Thursday, August 31, 2017

Camping - or Sightseeing?

Finding time for a nap on Two Jack Lake - Banff
I think I've figured out the difference between camping and sightseeing. Either one is fine with me - how they meld together into one ten day trip is harder to pin down.

Banff - Glacier - Yellowstone National Parks. That was the plan and it was way too late for me to change the timing of these trips when I realized that August was the worst possible month to put that trip into action. I was calling it a camping trip; however, it ended up being a strategically planned sightseeing trip where we had to plot out our choices and arrive at particular spots by 7 am in order to go enjoy the national park's beauty - but sleeping in a teardrop trailer every night.

Best campground south of West Yellowstone:
Upper Coffee Pot Campground
As empty-nester's - as people who can travel to these locations any time of the year - why were we there in August?

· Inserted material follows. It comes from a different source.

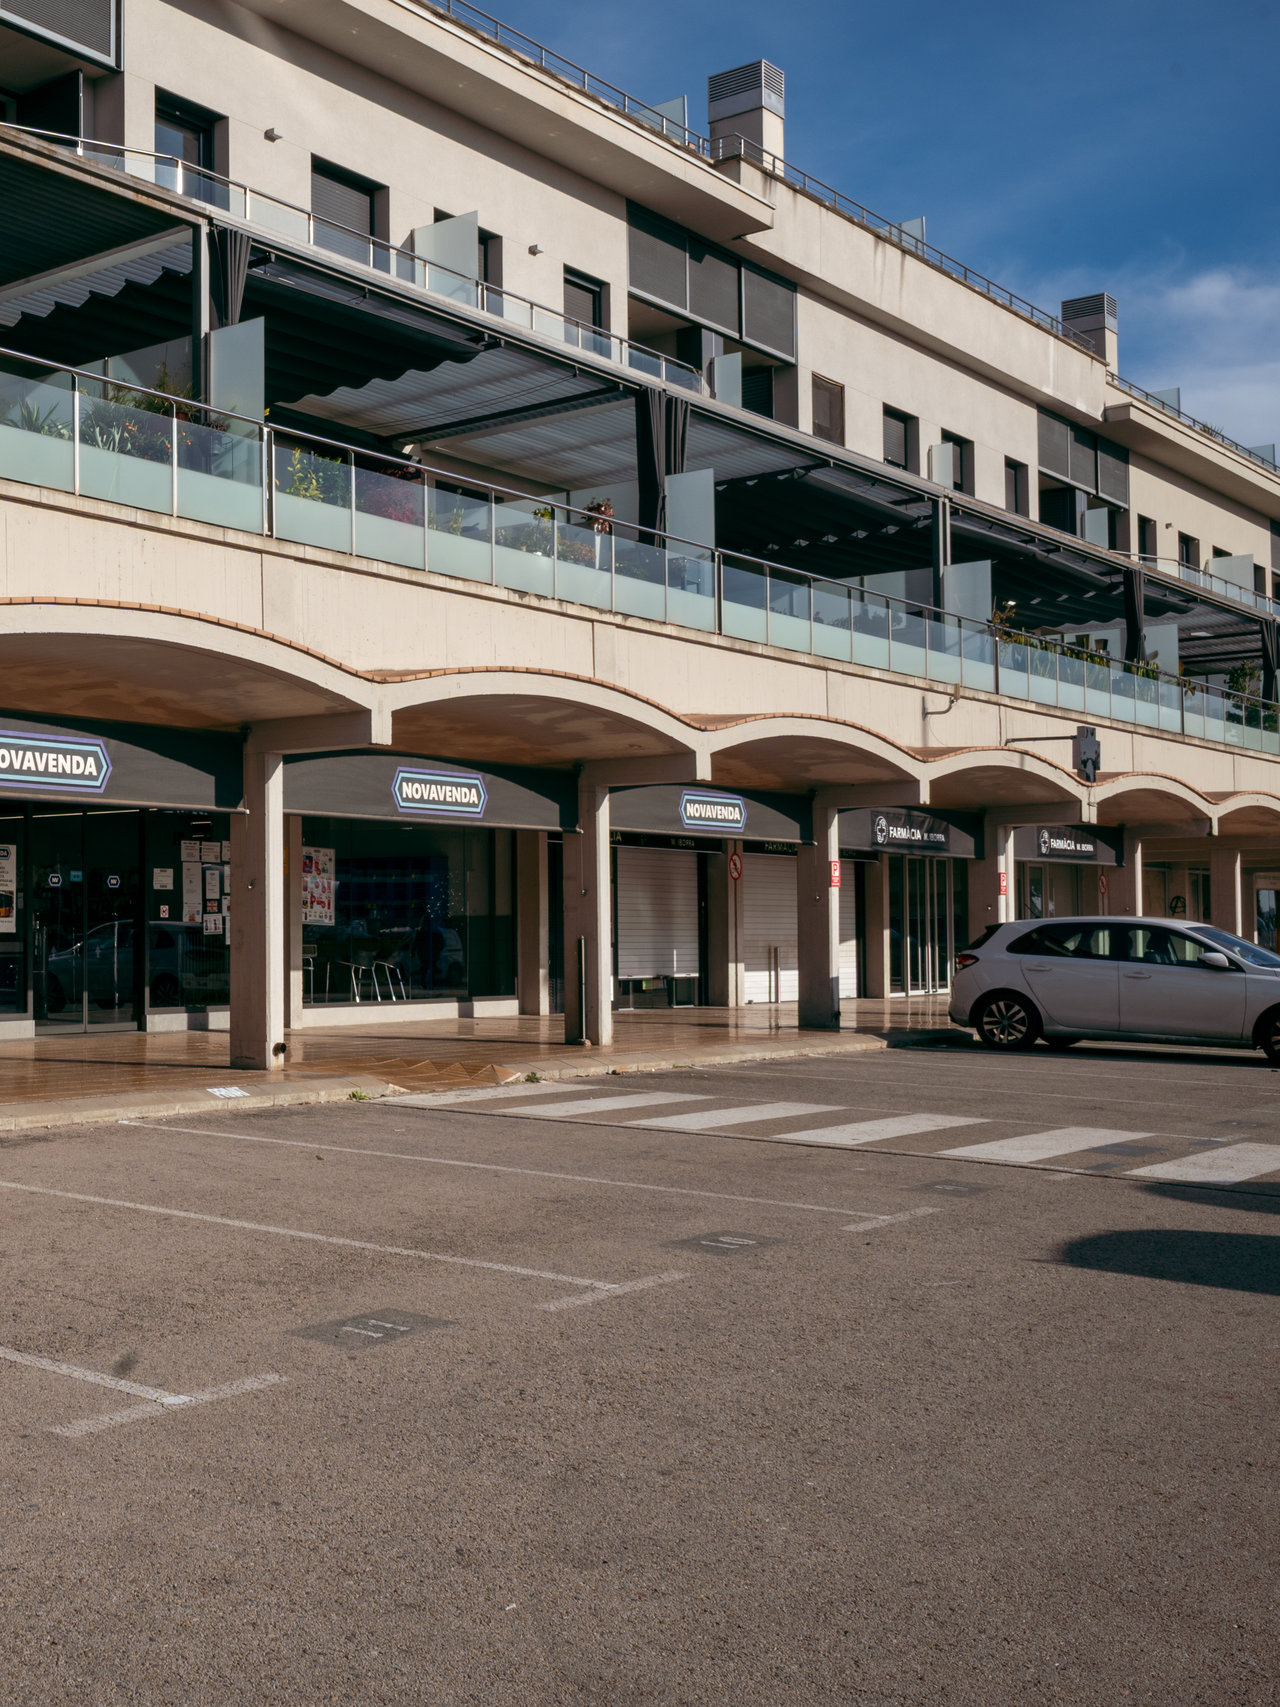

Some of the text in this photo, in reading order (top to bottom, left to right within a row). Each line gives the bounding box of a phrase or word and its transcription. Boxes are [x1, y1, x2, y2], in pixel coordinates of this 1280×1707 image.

[401, 782, 478, 804] NOVAVENDA
[686, 803, 741, 820] NOVAVENDA
[832, 863, 838, 875] P

That epiphany came months too late.

The good news is that each of these iconic places are worth sightseeing in. We plotted out what was important to us and got to those locations early enough to enjoy the vistas and glaciers and waterfalls without the hordes of people that would clog the trails and roads by 9 am. We hiked and took too many pictures.

Two Jack Lakeside Campground - Banff

But this didn't feel like camping.

Sure, we used our wonderful little T@b trailer - which everyone everywhere wants to talk about - but it wasn't easy to actually enjoy the camping experience when rangers will literally come and take your stuff left laying out around a campsite due to the inordinate amount of bear activity they have had. I respect the policy but part of camping is setting up your campsite - and leaving it set up to enjoy your outdoor living space.

And that was part of the price to enjoy these particular locales - and perhaps always will be. When you build at campsite in a berry patch - in bear country - chances are likely that if humans are careless they will find their belongings torn into itty-bitty pieces - perhaps while you cower in the depths of your trailer. No, that has never happened to us but the warnings were clear and ruthlessly enforced.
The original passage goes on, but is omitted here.